Abstract

The recently discovered enzyme VKORC1 of the vitamin K cycle, which is the target for the anticoagulant drug warfarin, has opened new opportunities to understand warfarin resistance and biosynthesis of vitamin K-dependent blood coagulation factors and other members of this protein family. Furthermore, it has opened new opportunities to study the vitamin K-dependent posttranslational gamma-carboxylational system in the endoplasmic reticulum in greater detail and its molecular operation in vivo. Other accomplishments resulting from this discovery are: (1) the finding that VKORC1 is the rate-limiting step in biosynthesis of functional vitamin K-dependent proteins, and (2) engineering of recombinant intracellular gamma-carboxylation systems in cell lines producing recombinant coagulation factor used clinically to treat bleeding disorders.

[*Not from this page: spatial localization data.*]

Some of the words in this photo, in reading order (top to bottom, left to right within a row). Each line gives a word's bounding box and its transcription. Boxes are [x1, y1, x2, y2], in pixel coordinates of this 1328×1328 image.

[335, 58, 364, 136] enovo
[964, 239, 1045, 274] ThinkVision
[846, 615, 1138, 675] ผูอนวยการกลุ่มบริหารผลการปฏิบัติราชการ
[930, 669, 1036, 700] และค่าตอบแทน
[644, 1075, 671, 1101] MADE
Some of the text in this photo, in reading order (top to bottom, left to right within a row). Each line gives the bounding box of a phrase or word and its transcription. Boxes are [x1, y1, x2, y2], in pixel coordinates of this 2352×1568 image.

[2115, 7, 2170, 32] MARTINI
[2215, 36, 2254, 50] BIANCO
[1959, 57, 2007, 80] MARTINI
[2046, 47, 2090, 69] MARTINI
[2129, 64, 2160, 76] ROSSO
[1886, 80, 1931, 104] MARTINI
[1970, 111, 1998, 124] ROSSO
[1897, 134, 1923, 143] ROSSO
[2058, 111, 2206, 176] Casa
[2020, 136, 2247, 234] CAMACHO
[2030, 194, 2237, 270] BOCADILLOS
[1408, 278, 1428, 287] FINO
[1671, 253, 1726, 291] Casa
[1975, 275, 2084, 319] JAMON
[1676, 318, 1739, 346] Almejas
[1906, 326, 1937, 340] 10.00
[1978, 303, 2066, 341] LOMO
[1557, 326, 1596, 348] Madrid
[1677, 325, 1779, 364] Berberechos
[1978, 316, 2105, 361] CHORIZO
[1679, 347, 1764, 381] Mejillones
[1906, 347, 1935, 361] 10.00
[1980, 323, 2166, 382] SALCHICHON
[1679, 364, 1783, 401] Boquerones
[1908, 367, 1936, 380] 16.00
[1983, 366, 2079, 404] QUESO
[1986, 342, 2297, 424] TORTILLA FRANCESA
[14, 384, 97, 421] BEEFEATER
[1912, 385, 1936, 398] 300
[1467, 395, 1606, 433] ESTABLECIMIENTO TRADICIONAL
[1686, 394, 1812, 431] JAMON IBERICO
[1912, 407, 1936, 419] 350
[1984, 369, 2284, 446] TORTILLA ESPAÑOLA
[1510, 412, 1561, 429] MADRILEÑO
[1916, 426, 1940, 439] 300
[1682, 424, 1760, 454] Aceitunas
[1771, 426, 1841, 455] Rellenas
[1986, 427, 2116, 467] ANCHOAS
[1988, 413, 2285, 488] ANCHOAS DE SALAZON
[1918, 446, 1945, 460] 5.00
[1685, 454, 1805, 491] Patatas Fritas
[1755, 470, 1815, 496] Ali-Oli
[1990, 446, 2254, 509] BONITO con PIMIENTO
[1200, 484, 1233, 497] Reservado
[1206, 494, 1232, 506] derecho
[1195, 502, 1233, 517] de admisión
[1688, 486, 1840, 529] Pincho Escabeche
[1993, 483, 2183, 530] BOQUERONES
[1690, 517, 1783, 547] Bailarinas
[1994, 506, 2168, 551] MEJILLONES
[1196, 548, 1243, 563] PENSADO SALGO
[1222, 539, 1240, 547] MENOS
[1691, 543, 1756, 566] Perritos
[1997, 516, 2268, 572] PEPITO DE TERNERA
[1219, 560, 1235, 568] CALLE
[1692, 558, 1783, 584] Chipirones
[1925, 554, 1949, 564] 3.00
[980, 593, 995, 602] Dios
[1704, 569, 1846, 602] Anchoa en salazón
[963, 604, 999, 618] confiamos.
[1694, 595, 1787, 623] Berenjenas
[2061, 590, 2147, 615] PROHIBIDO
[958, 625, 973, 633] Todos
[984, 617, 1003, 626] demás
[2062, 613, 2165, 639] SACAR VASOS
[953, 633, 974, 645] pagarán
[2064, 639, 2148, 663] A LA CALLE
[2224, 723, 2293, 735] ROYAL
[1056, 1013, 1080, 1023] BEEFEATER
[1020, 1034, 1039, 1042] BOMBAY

The engineered cells significantly enhance production of the fraction of fully functional gamma-carboxylated proteins compared to cell lines only overexpressing the specific coagulation factor. The first described inhibitor of the gamma-carboxylation system has been identified as calumenin, a resident chaperone in the endoplasmic reticulum (ER). Together, the new information gained about the vitamin K-dependent gamma-carboxylation system will stimulate new research which will benefit medicine and our understanding of the molecular mechanisms involved in this protein modification reaction.